Free-text object descriptions:
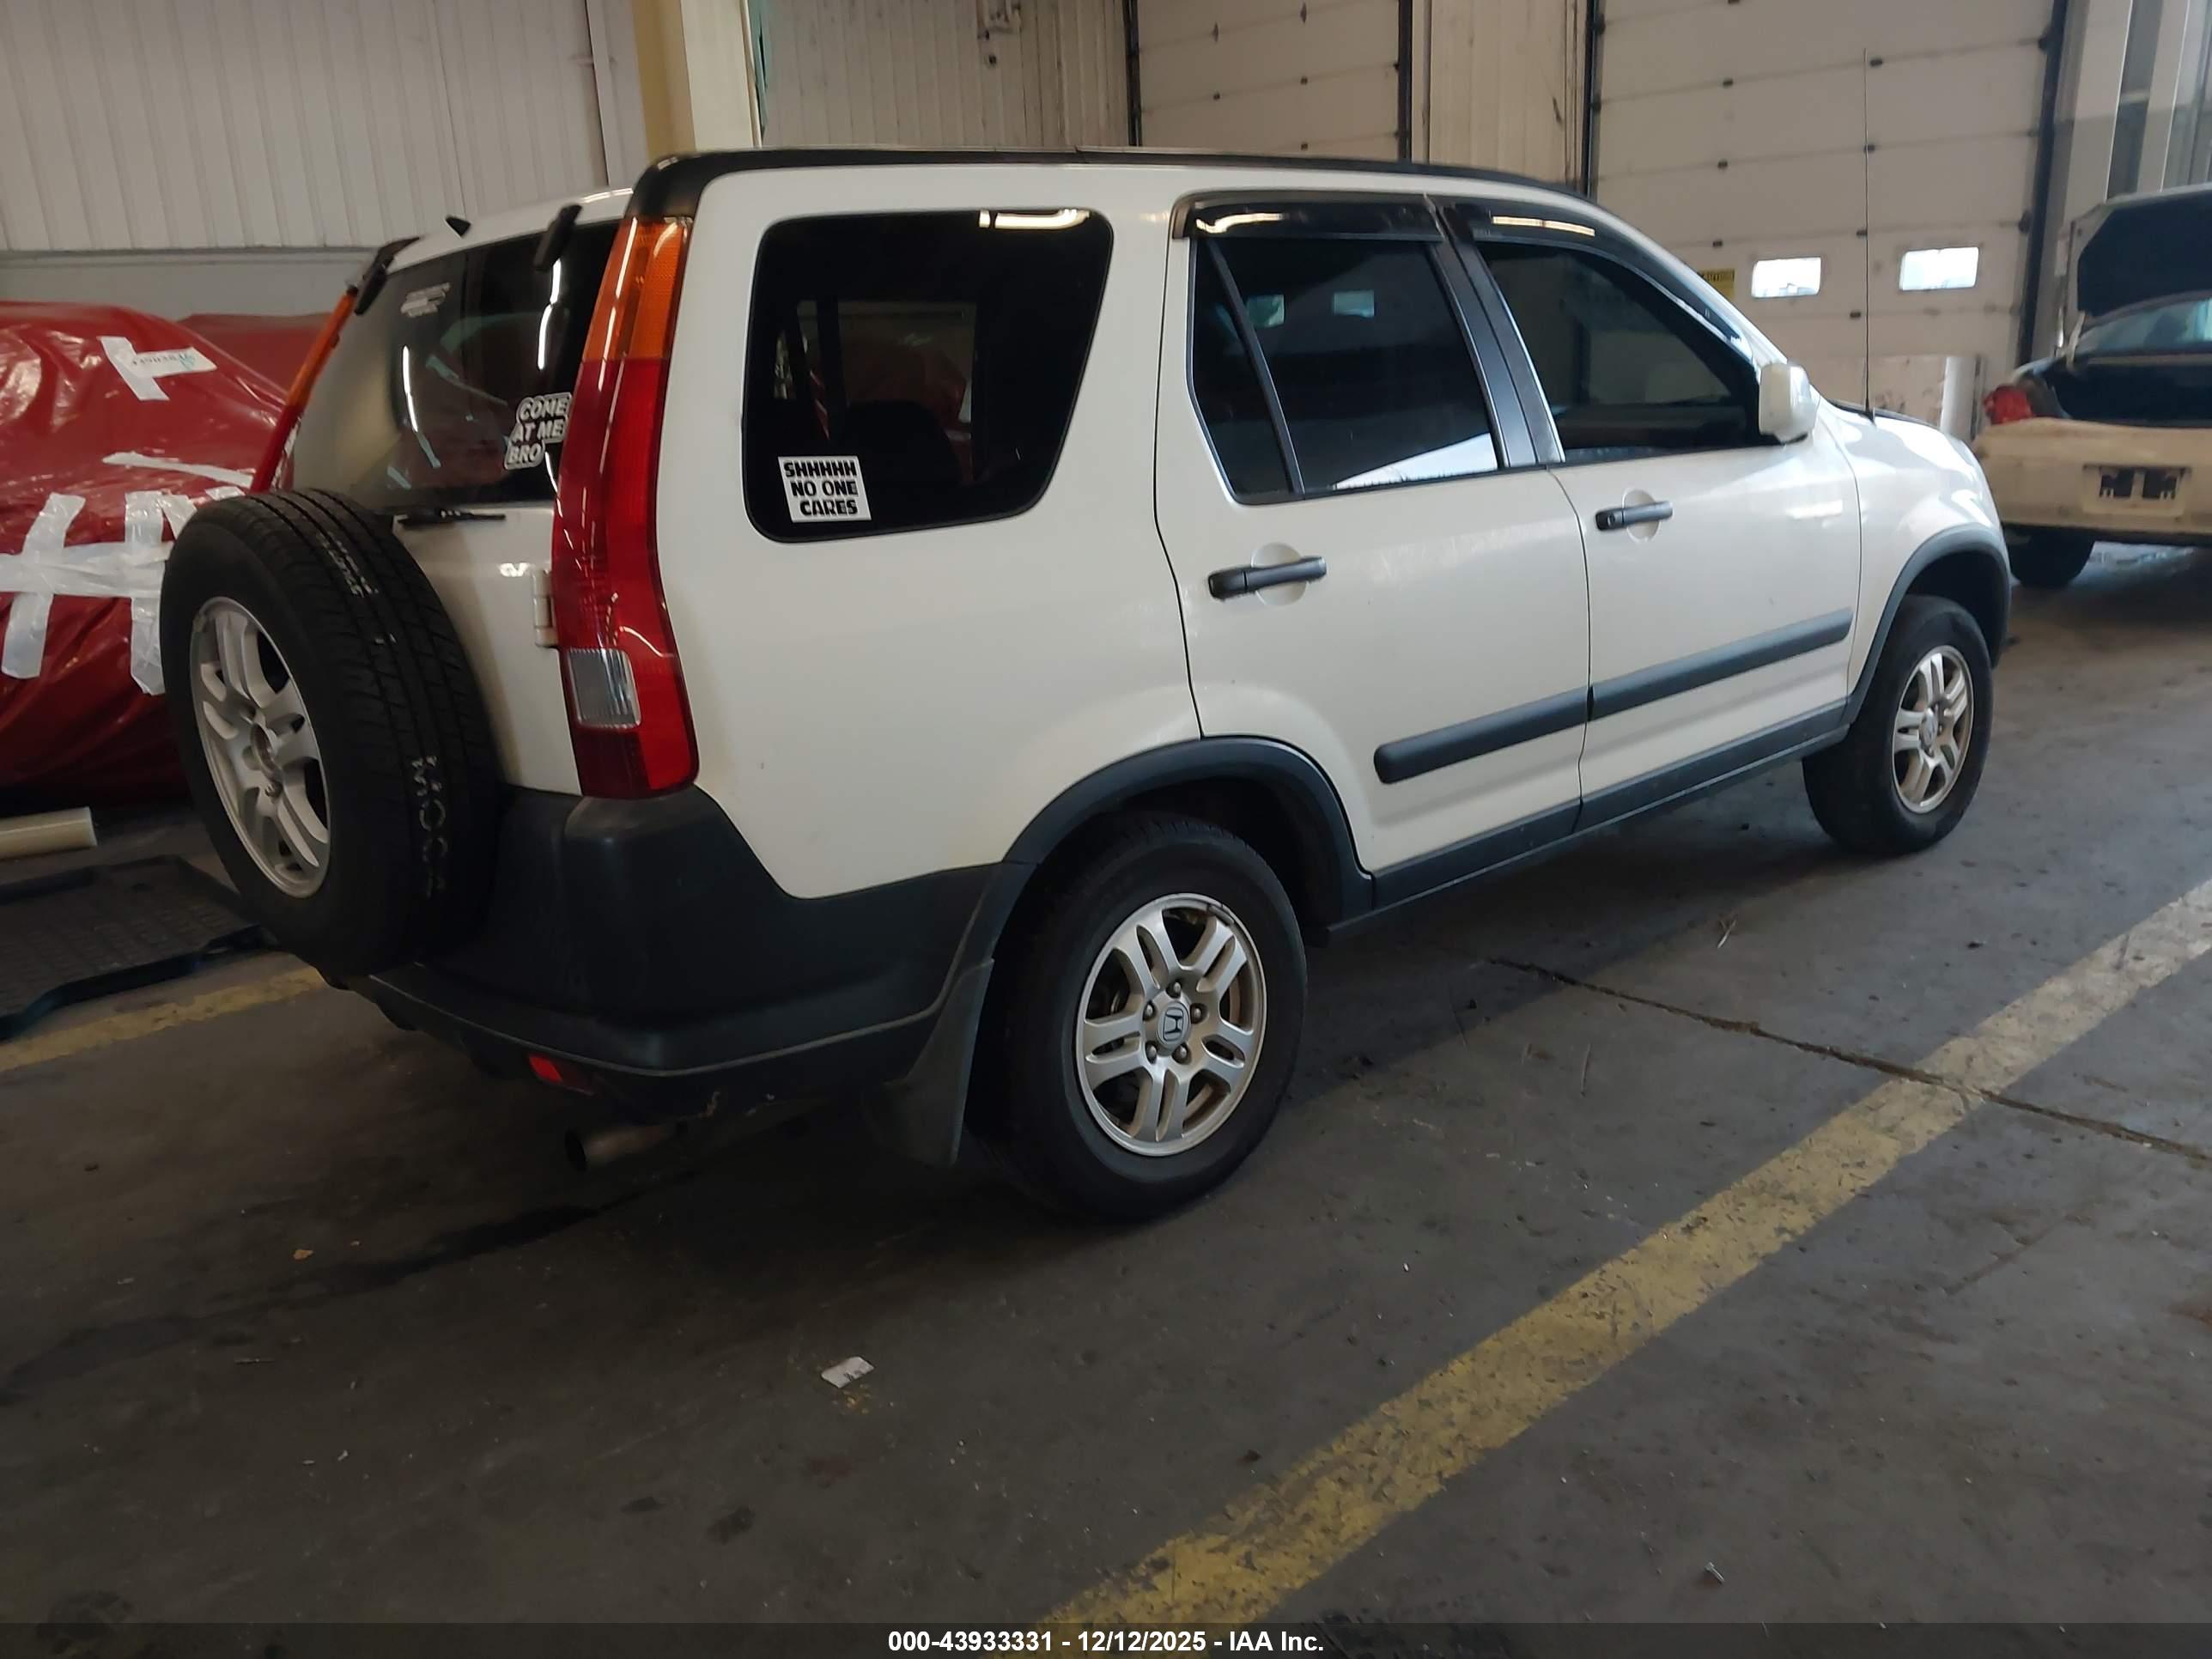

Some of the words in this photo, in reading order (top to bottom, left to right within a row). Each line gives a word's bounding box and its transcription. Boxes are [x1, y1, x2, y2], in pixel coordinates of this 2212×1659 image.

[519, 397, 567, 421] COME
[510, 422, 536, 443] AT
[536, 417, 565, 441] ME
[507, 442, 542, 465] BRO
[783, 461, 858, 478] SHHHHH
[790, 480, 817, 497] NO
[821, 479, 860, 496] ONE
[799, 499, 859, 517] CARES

● **PROBLEM STATEMENT**: All of the entries above must be reproduced exactly, and no image may be included.

● **EXPECTED OUTPUT**:
Some of the words in this photo, in reading order (top to bottom, left to right within a row). Each line gives a word's bounding box and its transcription. Boxes are [x1, y1, x2, y2], in pixel coordinates of this 2212×1659 image.

[519, 397, 567, 421] COME
[510, 422, 536, 443] AT
[536, 417, 565, 441] ME
[507, 442, 542, 465] BRO
[783, 461, 858, 478] SHHHHH
[790, 480, 817, 497] NO
[821, 479, 860, 496] ONE
[799, 499, 859, 517] CARES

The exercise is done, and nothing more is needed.